EXTRACTED ENTRIES –
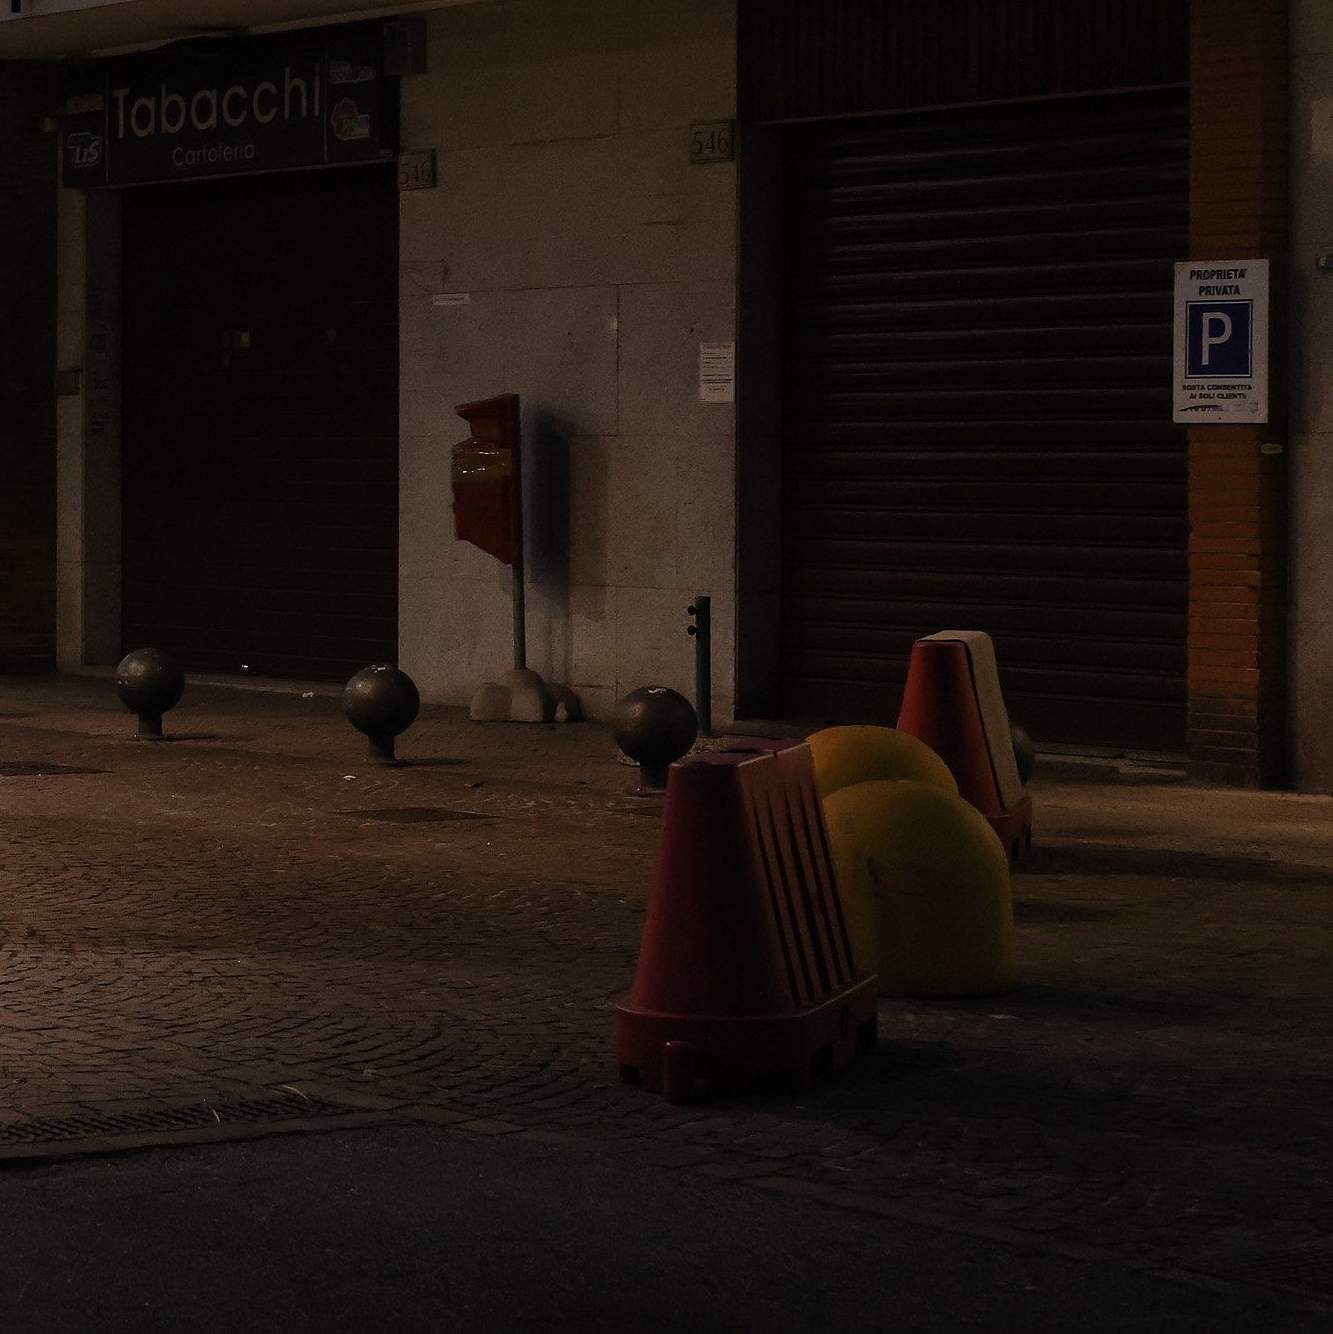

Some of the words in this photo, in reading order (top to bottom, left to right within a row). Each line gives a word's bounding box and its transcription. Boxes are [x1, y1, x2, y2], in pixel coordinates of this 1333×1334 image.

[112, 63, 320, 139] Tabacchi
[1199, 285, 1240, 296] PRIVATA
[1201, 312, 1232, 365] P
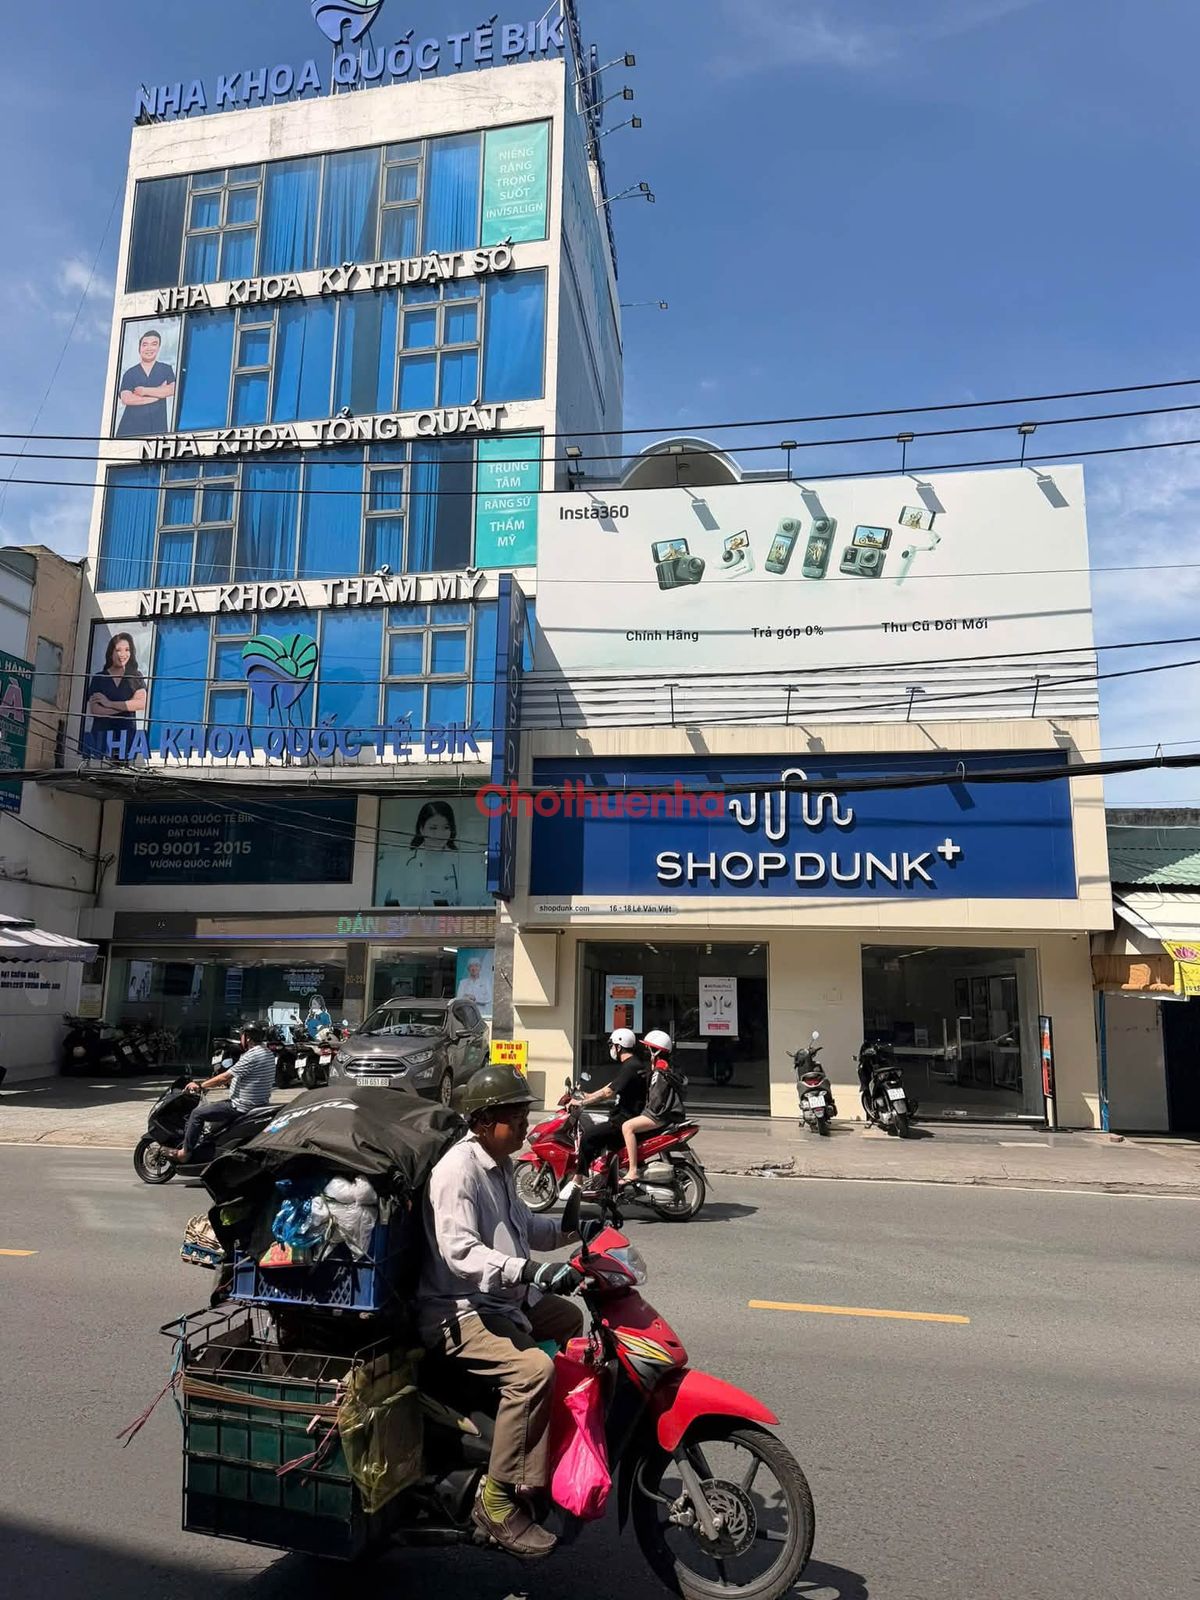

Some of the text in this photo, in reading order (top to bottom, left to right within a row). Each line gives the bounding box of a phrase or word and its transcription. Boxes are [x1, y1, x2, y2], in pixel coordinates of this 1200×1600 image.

==

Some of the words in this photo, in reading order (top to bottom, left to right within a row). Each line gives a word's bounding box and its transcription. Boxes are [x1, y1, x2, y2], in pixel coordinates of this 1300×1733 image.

--

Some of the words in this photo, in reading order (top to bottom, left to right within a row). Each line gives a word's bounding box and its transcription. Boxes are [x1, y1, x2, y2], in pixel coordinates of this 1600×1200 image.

PROMPT – In the data above, find the line containing "this 1333×1334 image." and the line containing "Some of the text". Copy exactly the stretch from the first through the second, both included, leaving out any picture.

ANSWER TO THE PROBLEM –
Some of the words in this photo, in reading order (top to bottom, left to right within a row). Each line gives a word's bounding box and its transcription. Boxes are [x1, y1, x2, y2], in pixel coordinates of this 1333×1334 image.

[112, 63, 320, 139] Tabacchi
[1199, 285, 1240, 296] PRIVATA
[1201, 312, 1232, 365] P

Some of the text in this photo, in reading order (top to bottom, left to right within a row). Each line gives the bounding box of a phrase or word and its transcription. Boxes are [x1, y1, x2, y2], in pixel coordinates of this 1200×1600 image.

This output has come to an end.